An immature bald eagle rooting around the Pittsburgh bald eagle’s nest was quickly shoved out by the resident male, which pounced on the intruder and chased the young bird away.
A live webcam sponsored by PixCams and the Audubon Society of Western Pennsylvania caught all the action on Jan. 9.
This is not new at the nest, on a bluff overloong the Monongahela River in Pittsburgh’s Hays neighborhood. Intruding eagles have shown up at before and each time, one of the nesting pair has deftly escorted those wayward birds from their territory.
Every year the Hays nest is visited by at least one unwelcome eagle, said Bill Powers, owner of PixCams. The Murrysville-based company, who works with the Audubon Society on the webcam has been streaming the Hays nest since the 2014 breeding season.

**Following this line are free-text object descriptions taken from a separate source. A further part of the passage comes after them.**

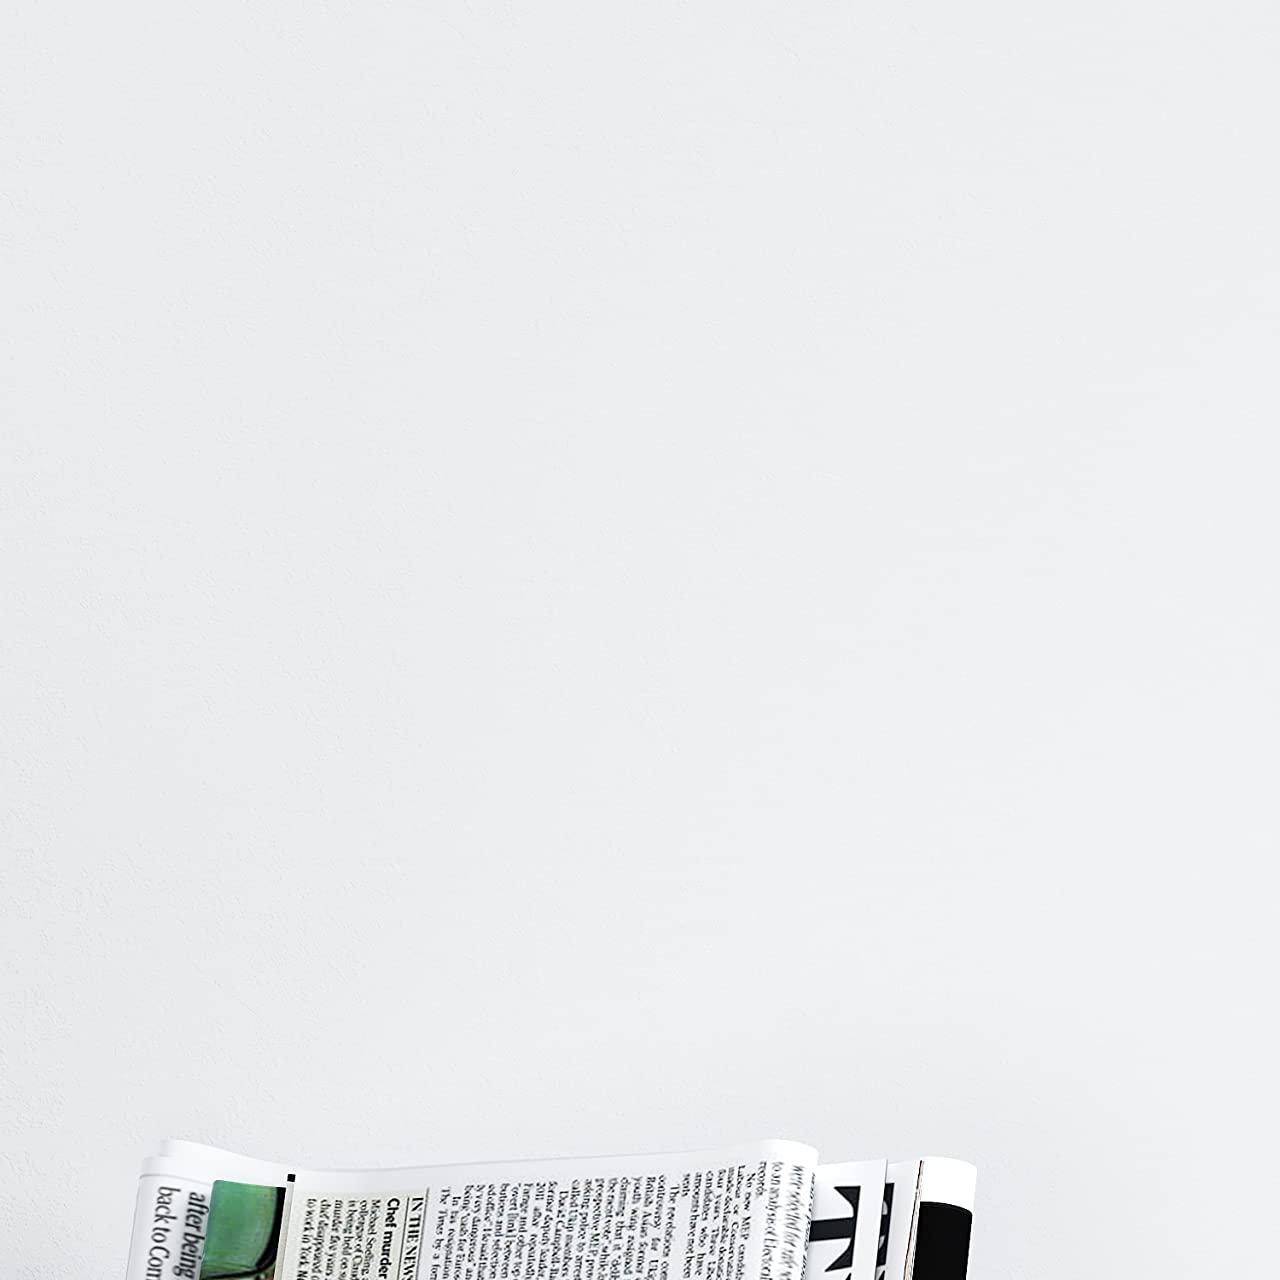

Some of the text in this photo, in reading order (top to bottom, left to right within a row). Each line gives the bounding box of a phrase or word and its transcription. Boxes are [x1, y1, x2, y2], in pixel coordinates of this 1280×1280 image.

[154, 1186, 179, 1223] back
[185, 1192, 209, 1231] after
[385, 1198, 400, 1227] Chef
[411, 1197, 424, 1211] IN
[151, 1227, 171, 1243] to
[407, 1214, 421, 1242] THE
[174, 1232, 205, 1279] being
[378, 1231, 393, 1279] murder

Brian Shema, Audubon’s operations director, remembered one year when one of the eagles chased a visiting eagle, “screaming at that bird all the way up the Monongahela River.
“These younger birds, juveniles and sub-adults between nine months and 4.5 years old don’t have established territories,” he said. “They are nomadic and they are out there surviving.”
The visiting bird could have been curious and was looking for scraps of food that remained in the nest, Shema said. This episode at the nest could be a teaching moment for the young eagle to learn something about nest construction, he added.
The visiting eagle looks to be about 3.5 years old and will reach maturity next year, Shema said.
These young birds are brown, beige and white before they acquire their signature black-and-white coloring between the age of 4 and 5 years.
This type of intruding behavior is well documented for young bald eagles who are not sexually mature and are out “cruising and will cross into territories of established birds,” Shema said.
Bald eagles, like other birds, protect their breeding territory and nests from competing birds.
In the past, some observers have theorized that these immature eagles could be the offspring of the Hays couple visiting their old home.
Since the Pennsylvania Game Commission stopped banding bald eagles years ago and the birds are no longer endangered, it’s impossible to tell where they came from, Shema said.
There are more than 300 nesting pairs of bald eagles in the state producing young birds each year and those juveniles can show up just about anywhere in the region.